**What the exercise asks:** Leave out the pictures and reproduce all of the data exactly.

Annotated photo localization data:
────
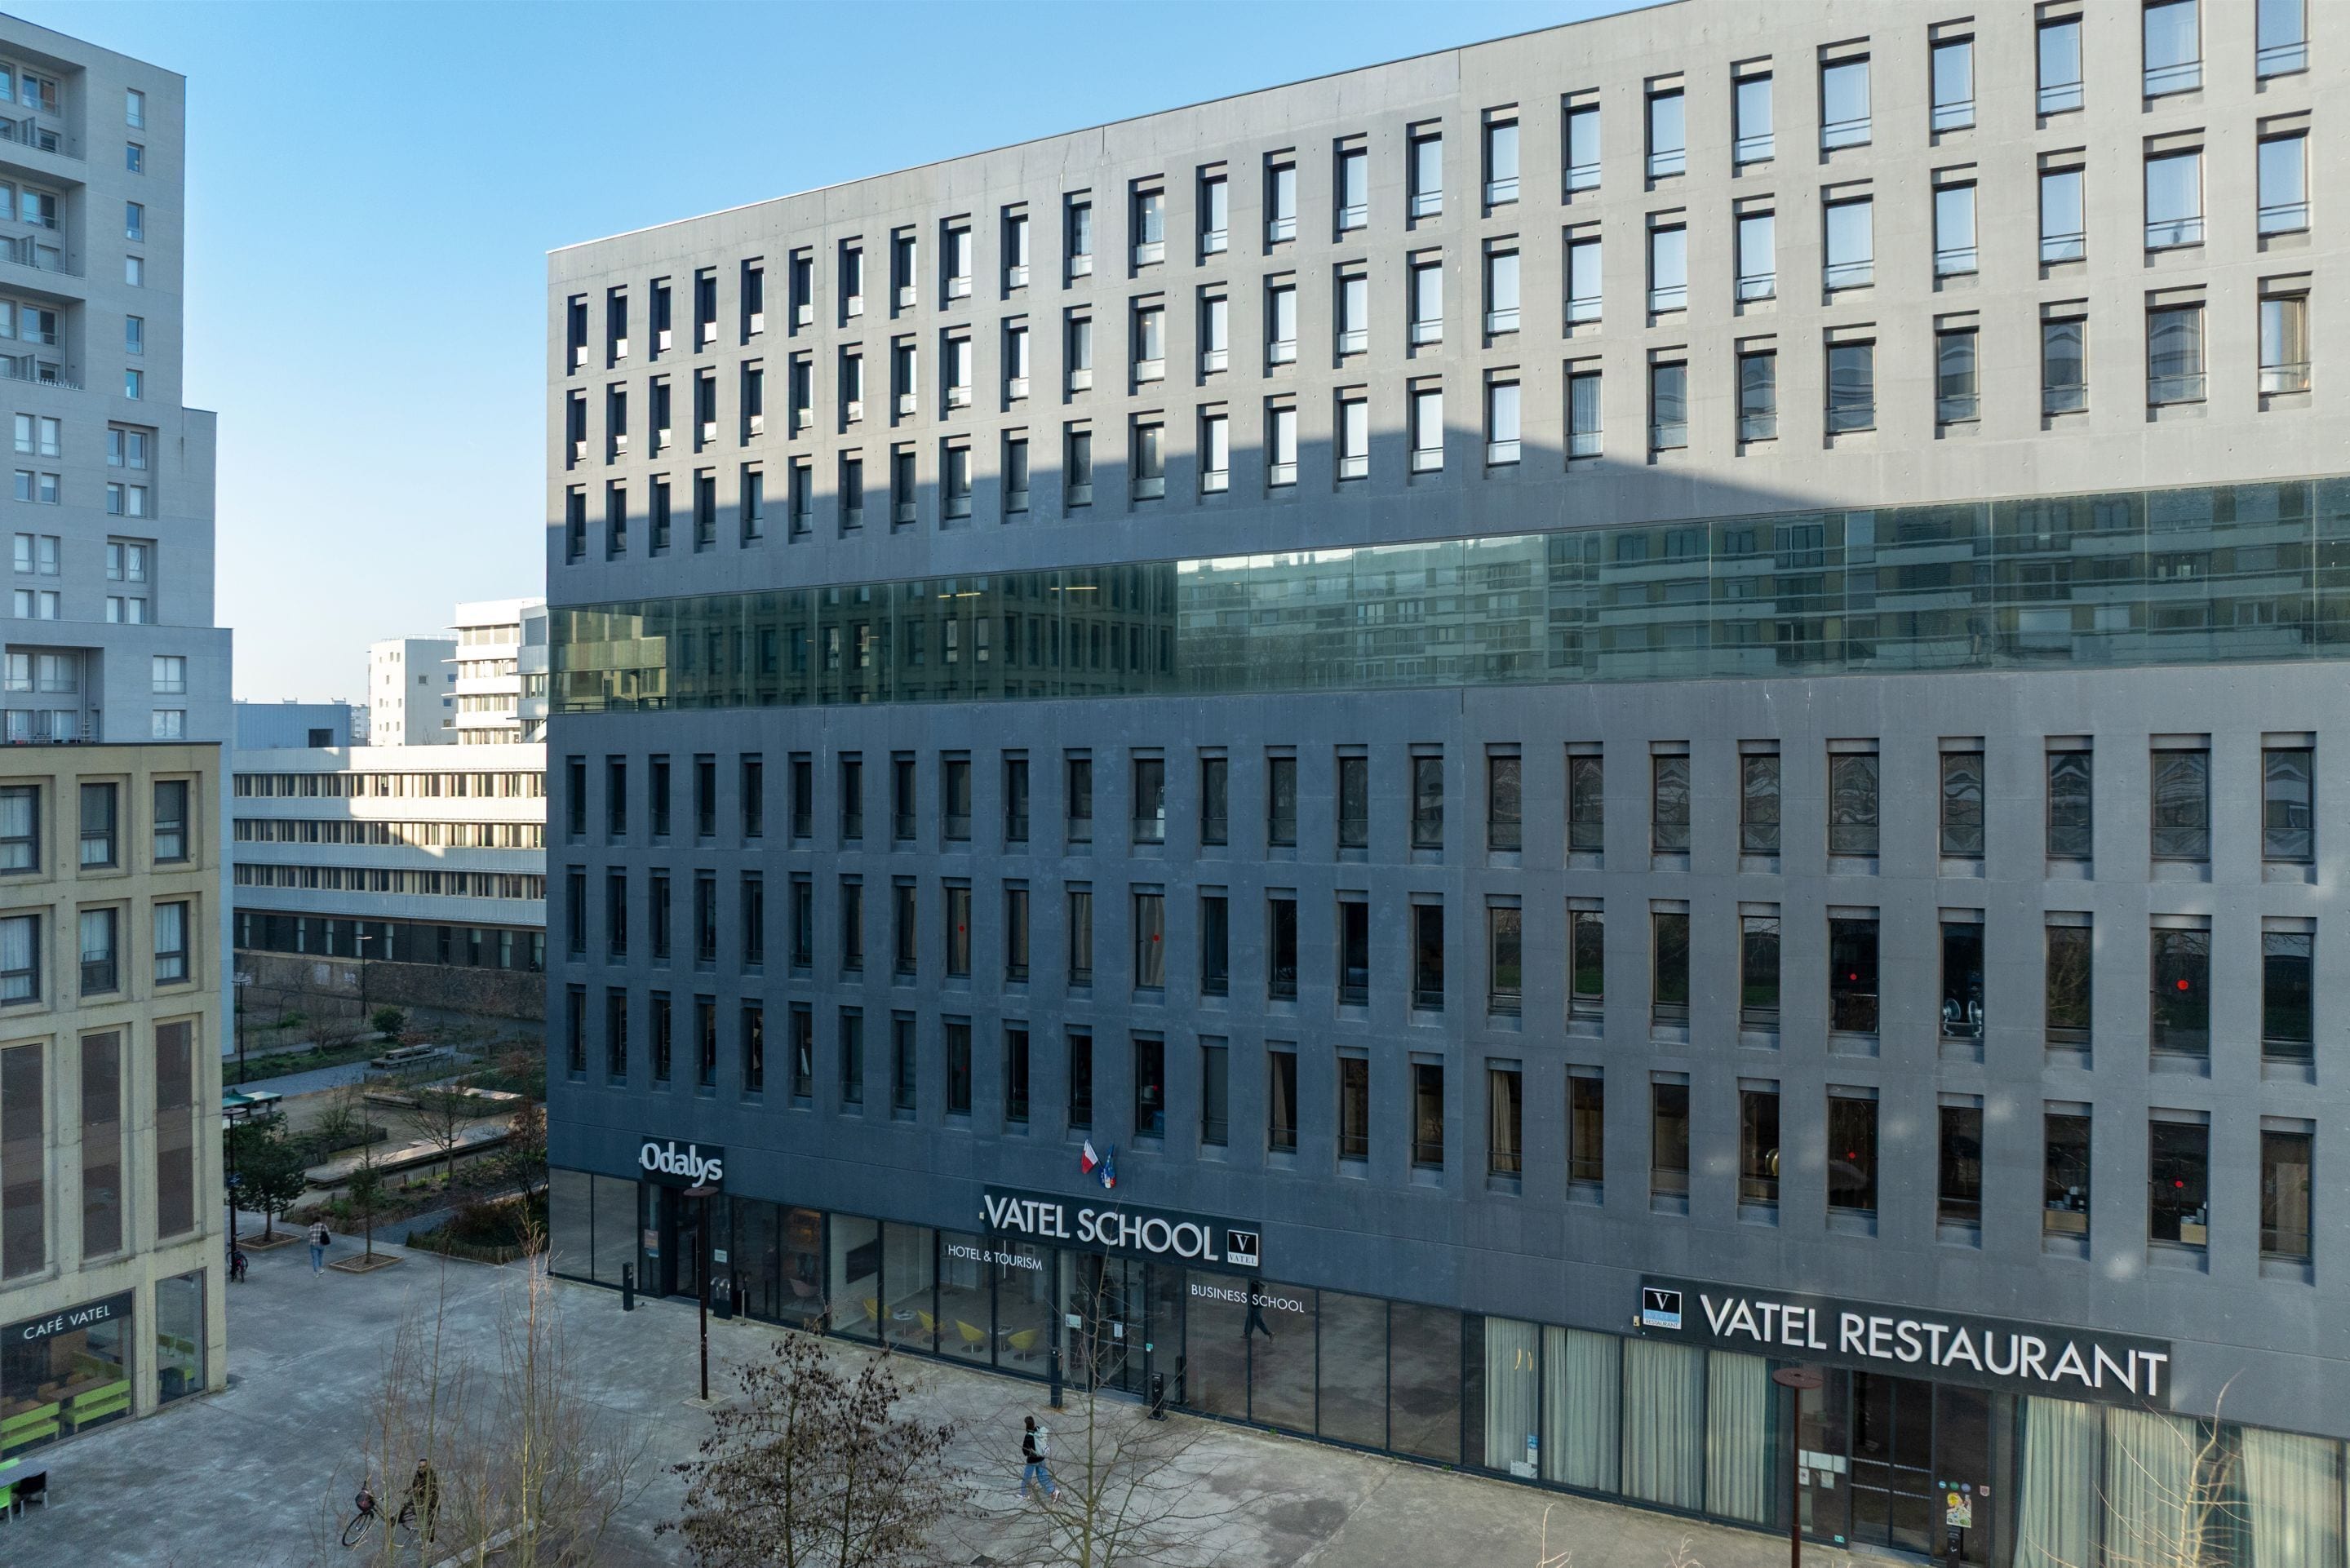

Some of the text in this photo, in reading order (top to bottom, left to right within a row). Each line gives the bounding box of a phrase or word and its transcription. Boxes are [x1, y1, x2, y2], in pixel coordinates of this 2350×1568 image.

[641, 1141, 723, 1188] Odalys
[984, 1194, 1218, 1261] VATEL SCHOOL
[1235, 1234, 1250, 1251] V
[948, 1244, 1043, 1271] HOTEL & TOURISM
[1229, 1252, 1257, 1265] VATEL
[1191, 1284, 1305, 1313] BUSINESS SCHOOL
[1653, 1292, 1670, 1310] V
[24, 1305, 111, 1340] CAFÉ VATEL
[1700, 1294, 2168, 1396] VATEL RESTAURANT
────
**Answer to this problem:**
Some of the text in this photo, in reading order (top to bottom, left to right within a row). Each line gives the bounding box of a phrase or word and its transcription. Boxes are [x1, y1, x2, y2], in pixel coordinates of this 2350×1568 image.

[641, 1141, 723, 1188] Odalys
[984, 1194, 1218, 1261] VATEL SCHOOL
[1235, 1234, 1250, 1251] V
[948, 1244, 1043, 1271] HOTEL & TOURISM
[1229, 1252, 1257, 1265] VATEL
[1191, 1284, 1305, 1313] BUSINESS SCHOOL
[1653, 1292, 1670, 1310] V
[24, 1305, 111, 1340] CAFÉ VATEL
[1700, 1294, 2168, 1396] VATEL RESTAURANT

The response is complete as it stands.